Starkly beautiful geometric lines make this award-winning home unique.
by Amy Brown
It was the 1960s, and Bud and Eunice Koch of Arcadia owned a modest family summer beach bungalow on a lane in Pierpont. The Ventura Freeway had only recently been expanded, further putting Ventura literally and figuratively on the map in new ways. Homes were just beginning to be built on the sand in the area, and when a beachfront lot became available, the Kochs purchased it. They soon launched the idea of their dream home, made possible with help of family friend in Arcadia–and Bud’s fellow Dartmouth alumnus–well-known architect James G. Pulliam. Pulliam was famous for commercial designs, and some residential projects, featured in Pasadena, Beverly Hills and the campus of Cal Poly Pomona, all with a signature geometric style.
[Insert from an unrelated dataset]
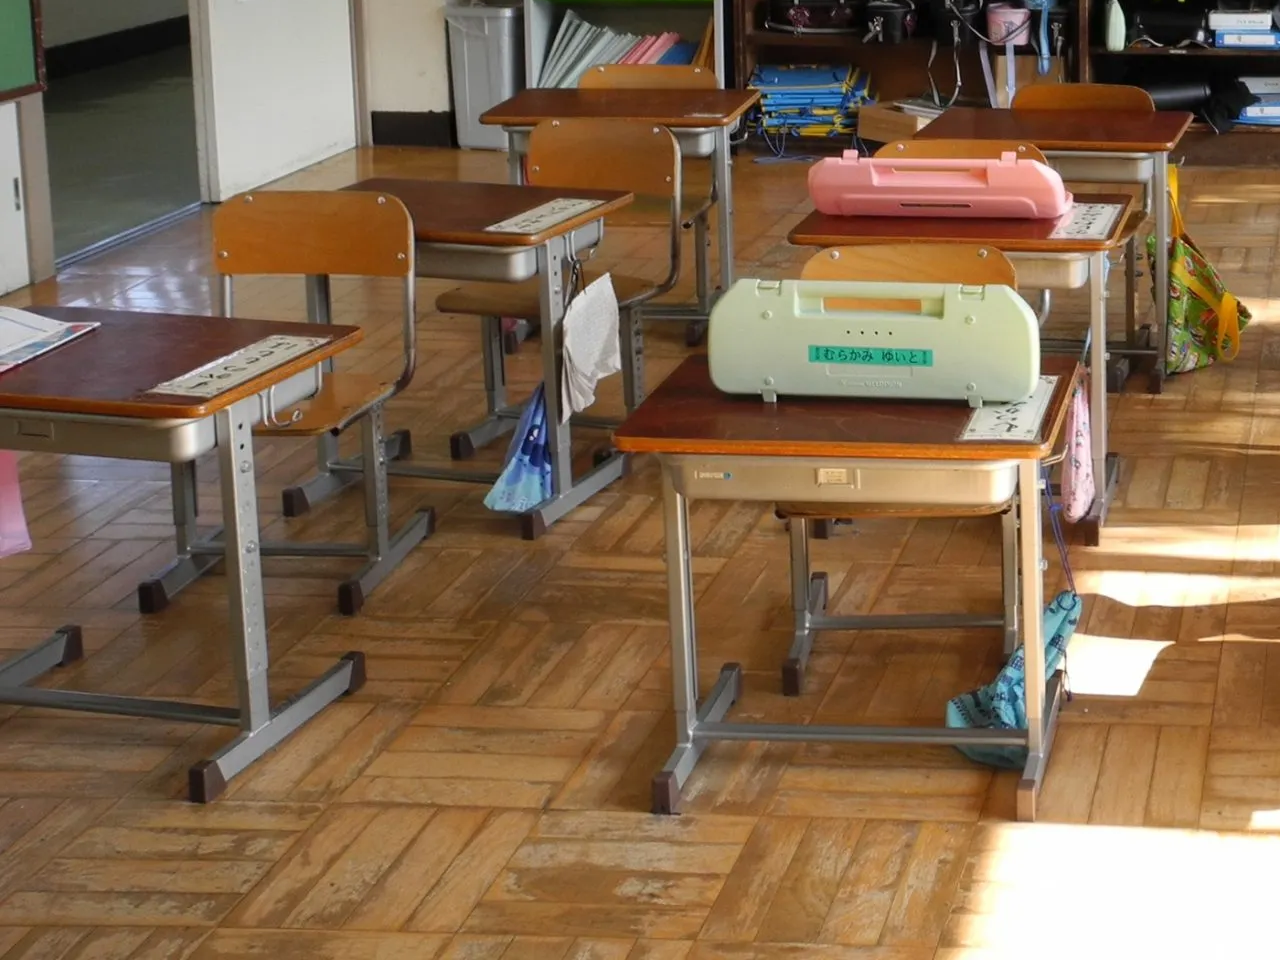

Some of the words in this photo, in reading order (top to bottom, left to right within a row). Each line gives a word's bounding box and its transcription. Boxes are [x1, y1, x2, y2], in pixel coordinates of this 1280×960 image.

[824, 347, 875, 362] むらかみ
[882, 350, 919, 364] ゆいと
Pulliam went on to greatly influence mid-century modernism throughout Southern California.
The culmination of their partnership in 1971 was a beautiful home at 1094 Driftwood Lane, with symmetrical, imposing, square lines and a wall of glass windows looking out to the ocean. “Just look for the house that looks like a Chinese puzzle,” was how the Koch family would help first-time visitors find the beach house. Once someone had seen it, they wouldn’t need it described again. The unique home went on to be recognized for architectural design distinction, and was featured in the 1973 LA Home Magazine, and in 1974 received an Award of Merit by the American Institute of Architects for excellence in the design and execution of architecture.
“It was so unusual at that time—there were only a few beachfront houses sprinkled along the sand,” said daughter Marjo Gardner. “Now it doesn’t stand out quite as much, but it was pretty noticeable in late 1970s!” Gardner remembers the feeling one would have when first walking into the house, with the living room right on the sand, with wall-to-wall windows, especially back then, before the beach was later built up.
Eunice and Bud loved Ventura and were active in the community. Eunice was particularly involved, engaged in supporting organizations from the American Association of University Women (AAUW), League of Women Voters, Ventura County Women’s Political Council, Friends of The Library, to the Ventura County Symphony League, C.A.S.A program of Interface, Ventura Education Partnership, Camerata Pacifica, and the Ventura Botanical Gardens. In 1978, she and Marjo opened Voila! Coffee Beans on Thompson Blvd, which for years, according to the family, was the only coffee bean shop between Santa Barbara and Santa Paula, in that pre-Starbucks era.
Adela Trainor, the realtor currently representing the home, which is now in escrow, shared that this distinctive house has stood the test of time and is unique among the other homes in the area, which range from little beach cottages to the ultra-modern. “People say they love the character when they come through to see the house, many of them in the entertainment business from Hollywood, it’s just been fascinating,” said Trainor. “They appreciate it just the way it is, original. Someone even asked if the sellers would be interested in filming there, since it’s so unique to a time period.”
Bud passed away in 1991, and Eunice in January of 2020 at the age of 94, but they leave behind a lifetime of contributions to the community, including the legacy of a timeless piece of post-modern Ventura architectural history.